A América e seu mito ou hierofania para um novo mundo

(Veja Arquivos)

 

Em dezembro de 2003 fiz um artigo sobre os dois mitos que nós brasileiros carregamos, um deles português, que se inscreve em uma percepção ocidental herdada de certa forma da cultura grega, e outra advinda de uma percepção oriental e das culturas e cosmovisão dos povos originários de nosso continente. Nesta última concepção,  o mito não encerra uma projeção, tal qual entendida na psicologia moderna, mas encerra a possibilidade de uma vivência e inspiração. O mito é vivenciado e inspirado para se chegar a uma síntese, a um eixo, a um centro, e a abertura de um espaço de convivência de múltiplas dimensões que nos formam como seres humanos e como coletividade.
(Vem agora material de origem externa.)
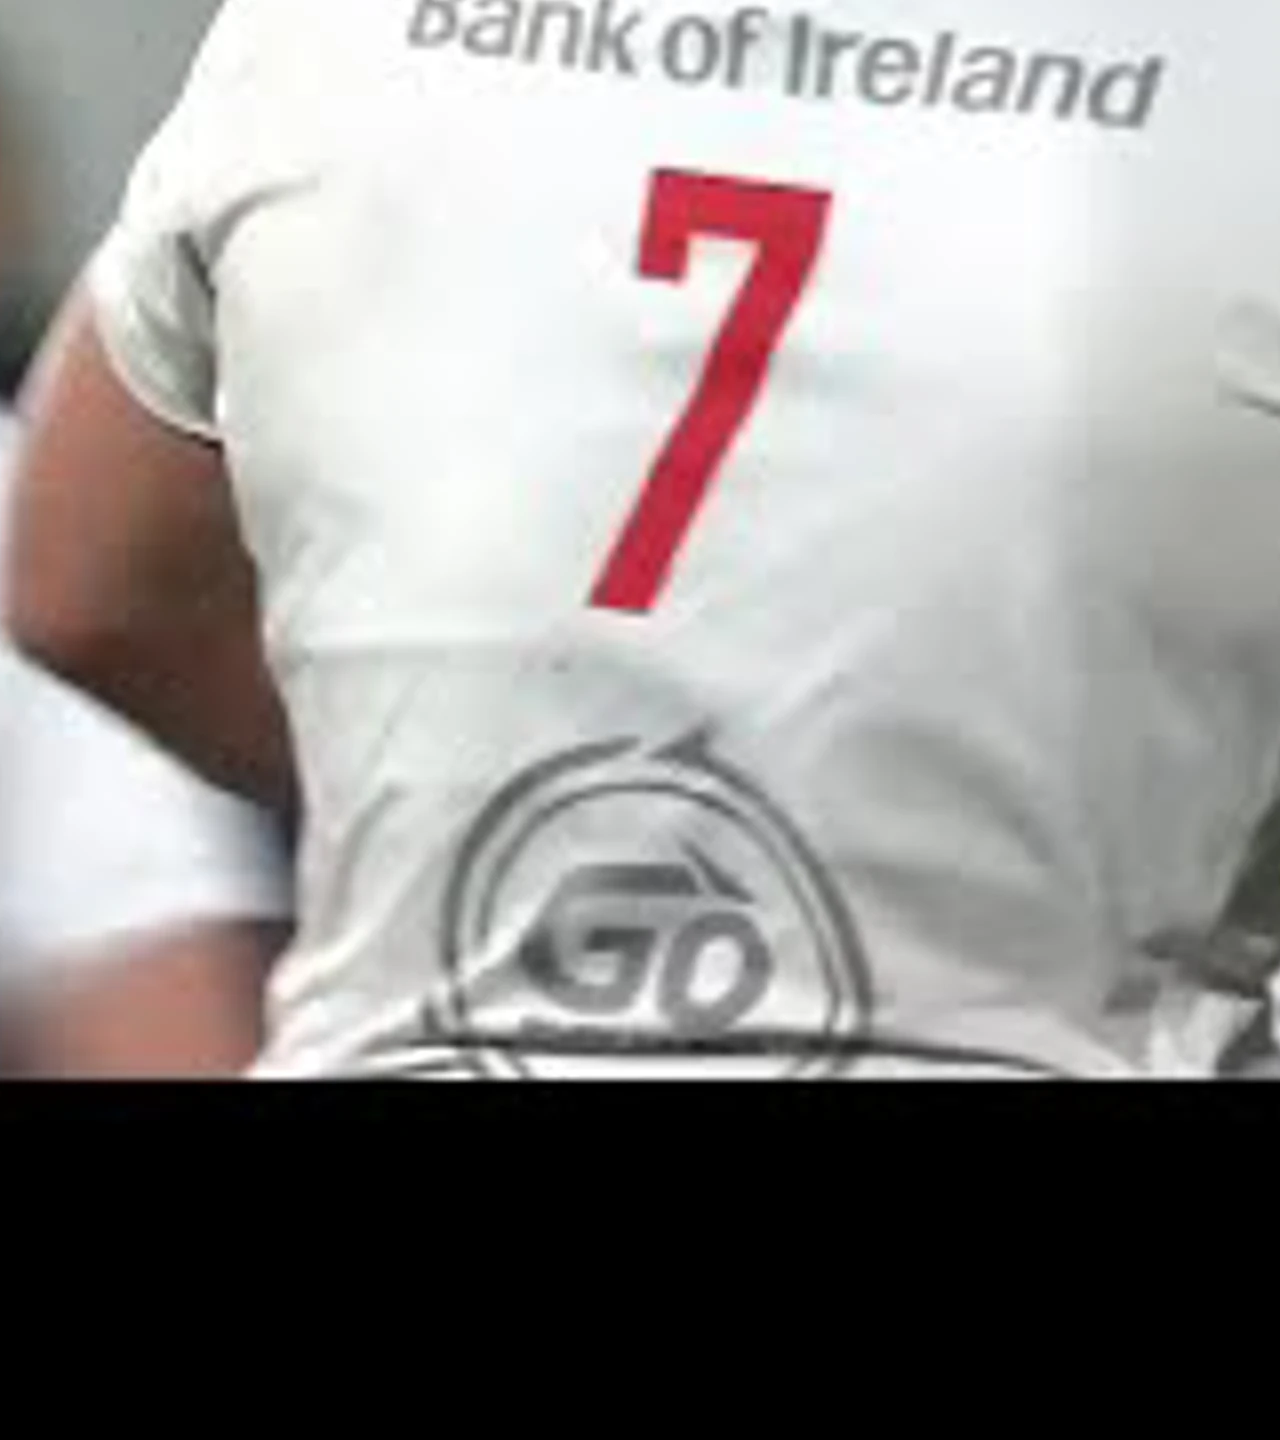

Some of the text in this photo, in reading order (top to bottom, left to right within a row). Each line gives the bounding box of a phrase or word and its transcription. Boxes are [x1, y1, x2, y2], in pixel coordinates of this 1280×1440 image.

[660, 8, 765, 88] of
[783, 12, 1165, 129] Ireland
[587, 167, 832, 613] 7
Aí se inscrevem também as hierofanias, que num impulso triunfal, sempre estão a compor e inaugurar os novos espaços de liberdade de conquistas humanas que são também, nessa cosmovisão, sagradas.

Esse pensamento e sentimento, de há muito estudado como um pensamento "mágico-mítico", e que pode ainda ser recuperado em outras conceituações, existe em nós brasileiros e americanos mestiços, ainda que em recolhimento. Sim, nós os mestiços, todos filhos dessa miscigenação americana temos condições, e eu diria até mesmo necessidade, de exercer e vivenciar esse lado que ficou soterrado com a supressão e cristianização da nossa cultura. A "civilização" em nossa América passa a ter outro significado, à parte dos pejorativos impostos, quando a própria coletividade em ebulição busca e quer fazer valer sua ancestralidade.

 Não se trata mais de negar essa ou outra cultura, essa ou outra cosmovisão e/ou religião.Trata-se de reconhecer as necessidades que emergem, quando o continente pulsa e vibra em outro rumo, buscando outros caminhos, para as nações e filhos que agasalha, com sua natureza, seus símbolos, suas magias e seus delírios, em um espaço por excelência cultural, profano e sagrado, dentro de uma cosmovisão mais ampla, que possa albergar os vários sentidos e os vários mitos.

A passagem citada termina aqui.